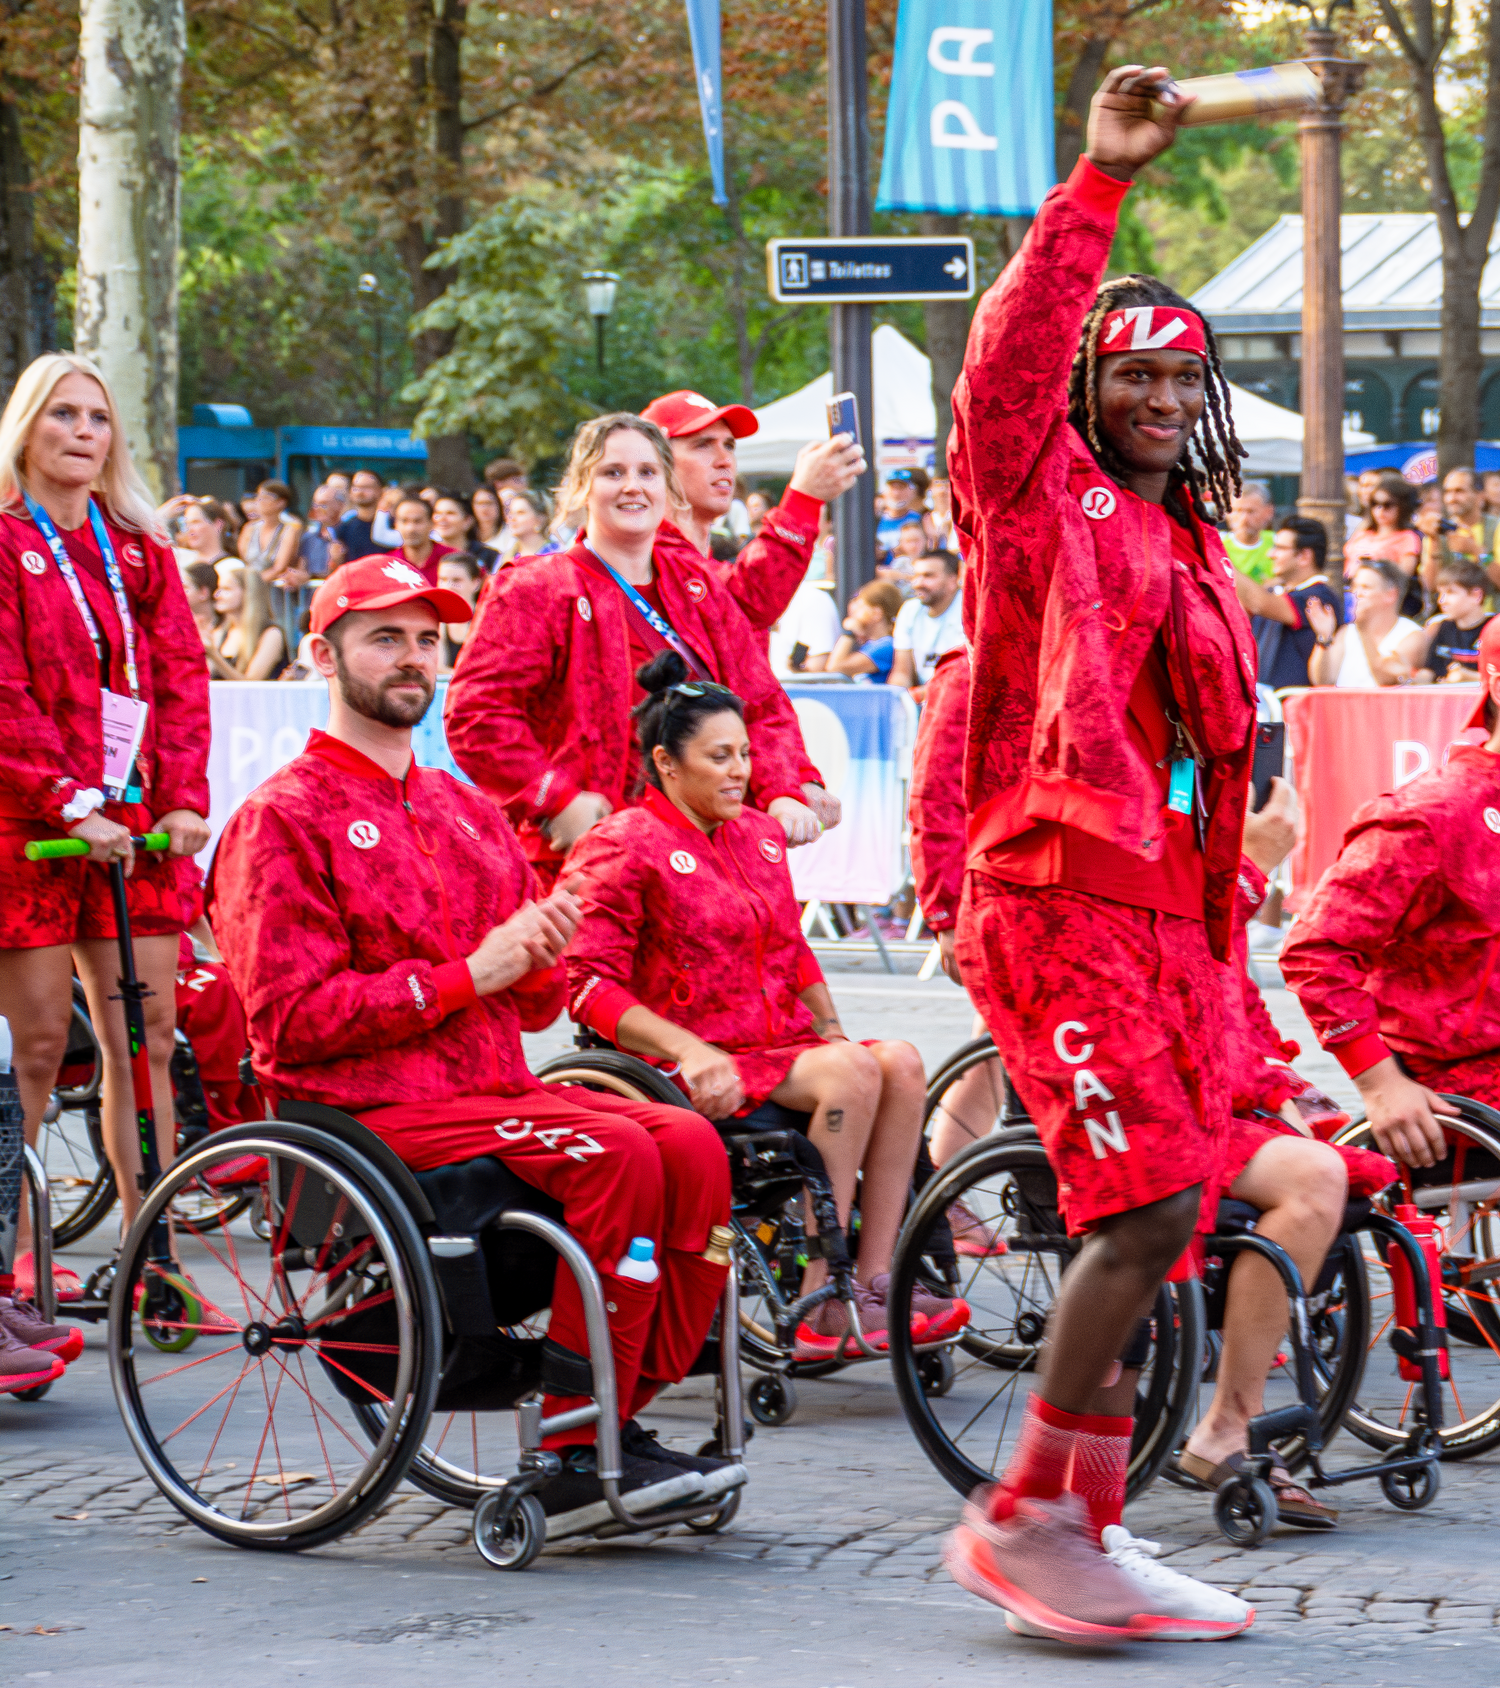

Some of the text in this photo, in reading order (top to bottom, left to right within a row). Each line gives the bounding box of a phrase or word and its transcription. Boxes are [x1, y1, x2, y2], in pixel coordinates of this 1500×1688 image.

[927, 26, 998, 151] PA
[829, 260, 892, 280] Toilettes
[407, 973, 426, 1010] CANADA
[1323, 1019, 1359, 1039] CANADA
[1053, 1020, 1131, 1160] CAN
[494, 1118, 605, 1162] CAN
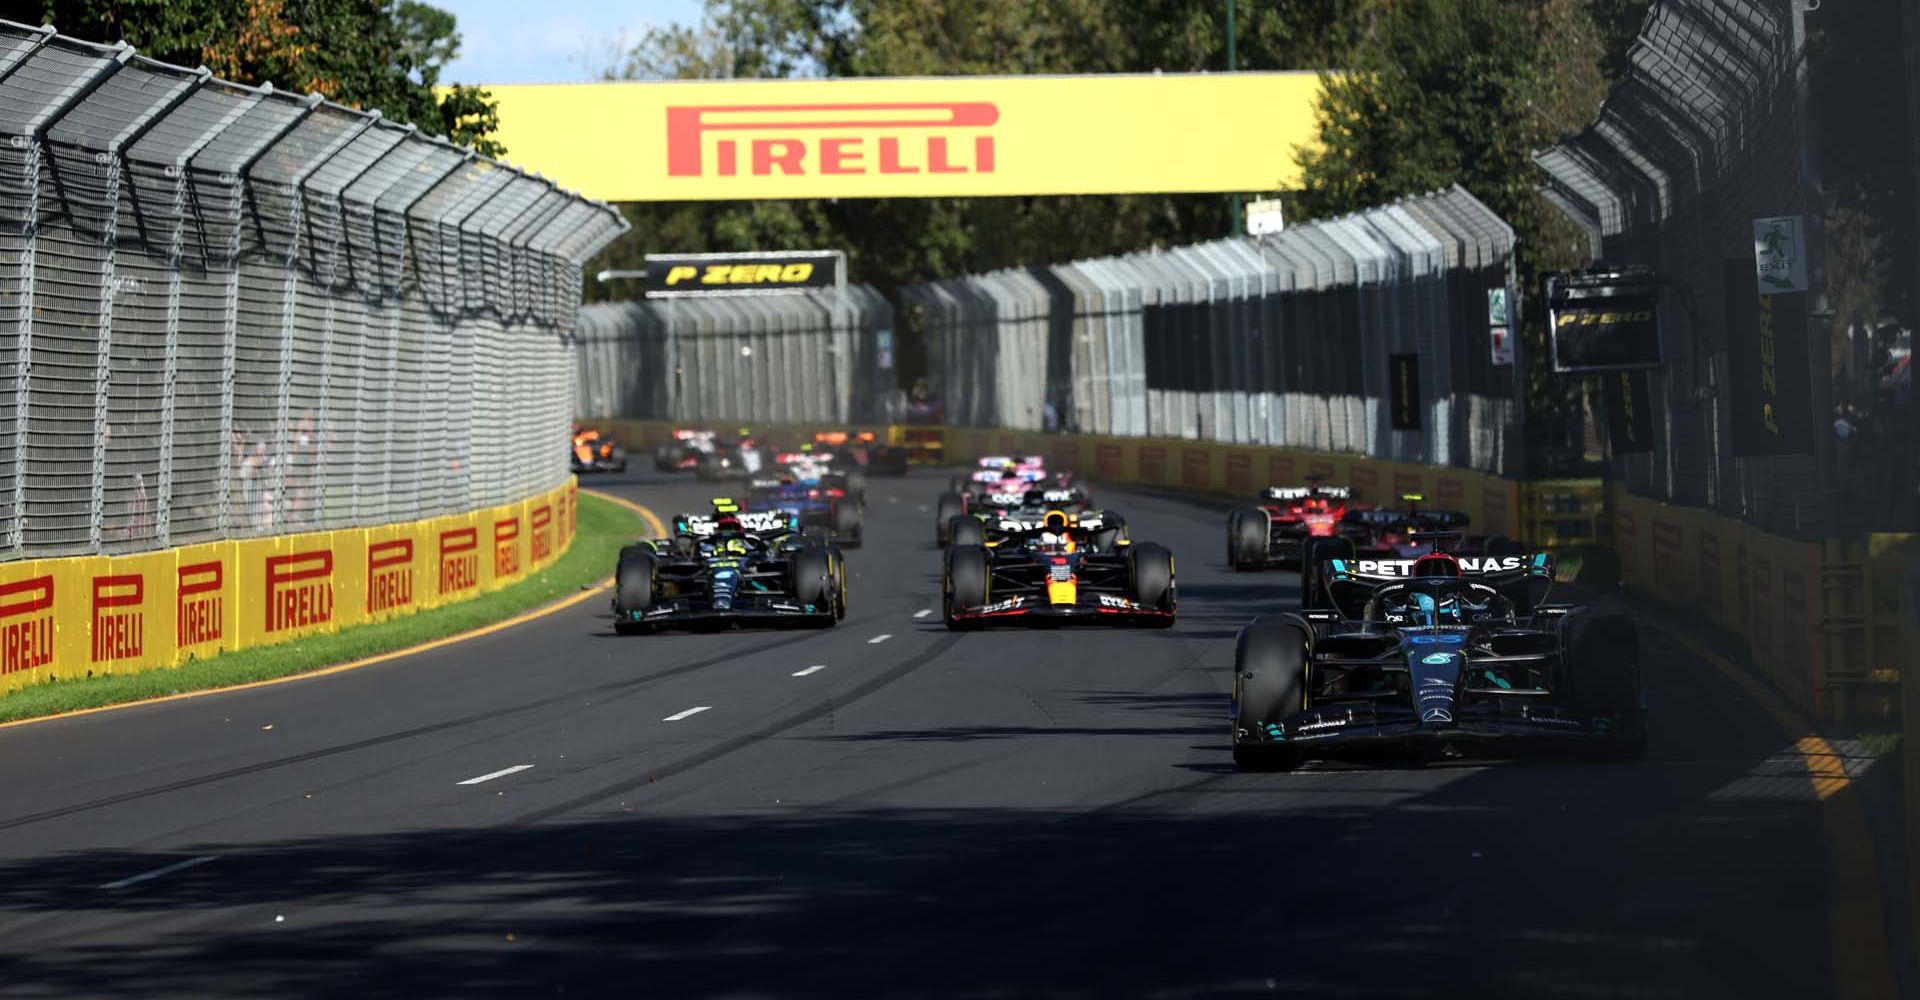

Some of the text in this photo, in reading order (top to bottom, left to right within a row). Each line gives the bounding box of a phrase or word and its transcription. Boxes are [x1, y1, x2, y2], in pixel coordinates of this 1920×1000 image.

[667, 102, 1000, 177] PIRELLI
[665, 262, 814, 286] P ZERO
[1558, 311, 1651, 328] P ZERO
[367, 538, 414, 615] PIRELLI
[438, 527, 478, 596] PIRELLI
[1359, 556, 1521, 576] PETNAS
[92, 574, 144, 663] PIRELLI
[177, 561, 223, 648] PIRELLI
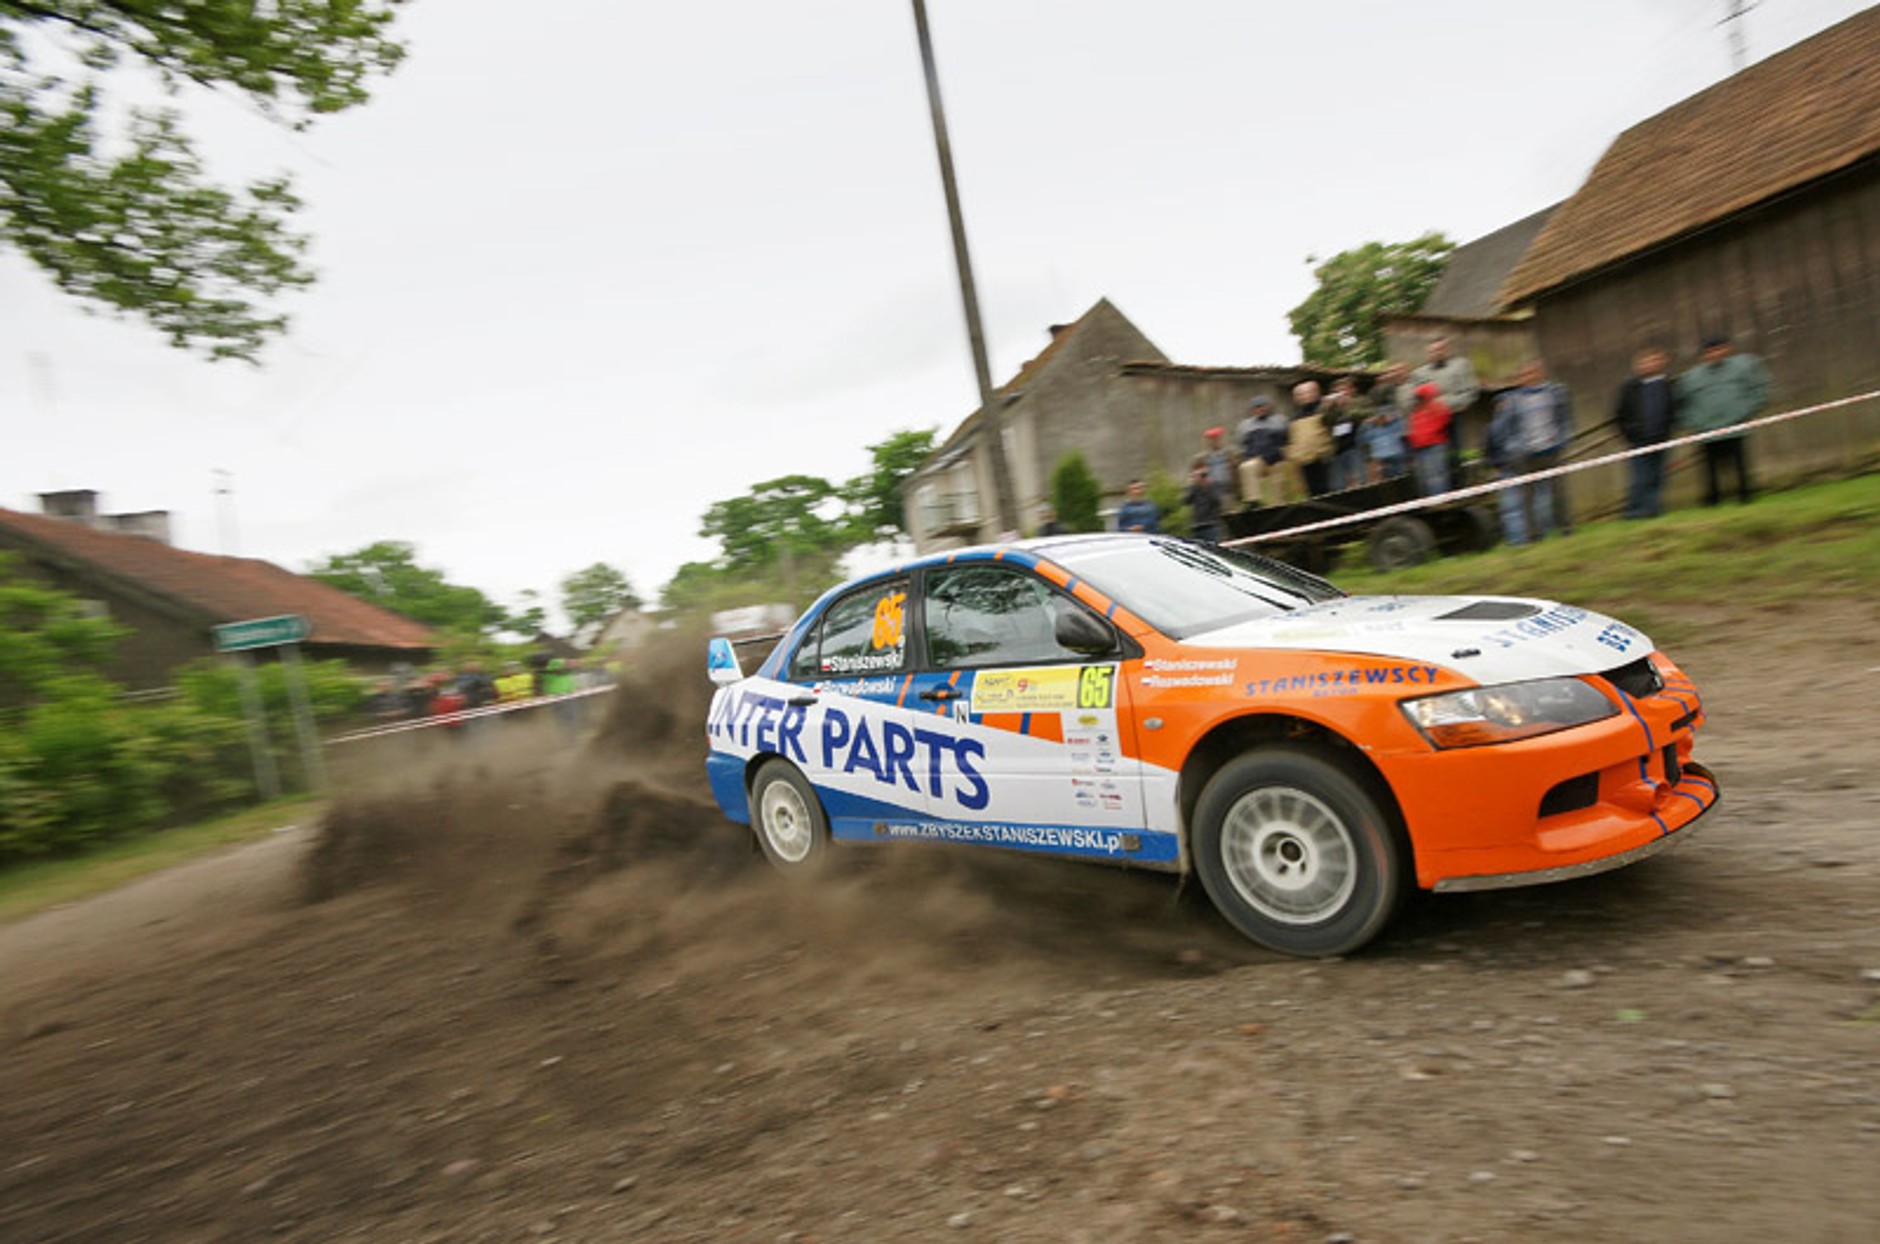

_What you are asked to do_
Print all entries exactly. The images do not belong in the copy.

_Task response_
Some of the text in this photo, in reading order (top to bottom, left to right within a row). Each line gives the bounding box of a phrase or word and its transcription. Boxes are [x1, y1, x2, y2], in pixel coordinates of this 1500×1688 image.

[927, 26, 998, 151] PA
[829, 260, 892, 280] Toilettes
[407, 973, 426, 1010] CANADA
[1323, 1019, 1359, 1039] CANADA
[1053, 1020, 1131, 1160] CAN
[494, 1118, 605, 1162] CAN

Some of the text in this photo, in reading order (top to bottom, left to right within a row). Each line gives the bounding box of a phrase or word and its transcription. Boxes are [x1, y1, x2, y2], in pixel coordinates of this 1920×1000 image.

[667, 102, 1000, 177] PIRELLI
[665, 262, 814, 286] P ZERO
[1558, 311, 1651, 328] P ZERO
[367, 538, 414, 615] PIRELLI
[438, 527, 478, 596] PIRELLI
[1359, 556, 1521, 576] PETNAS
[92, 574, 144, 663] PIRELLI
[177, 561, 223, 648] PIRELLI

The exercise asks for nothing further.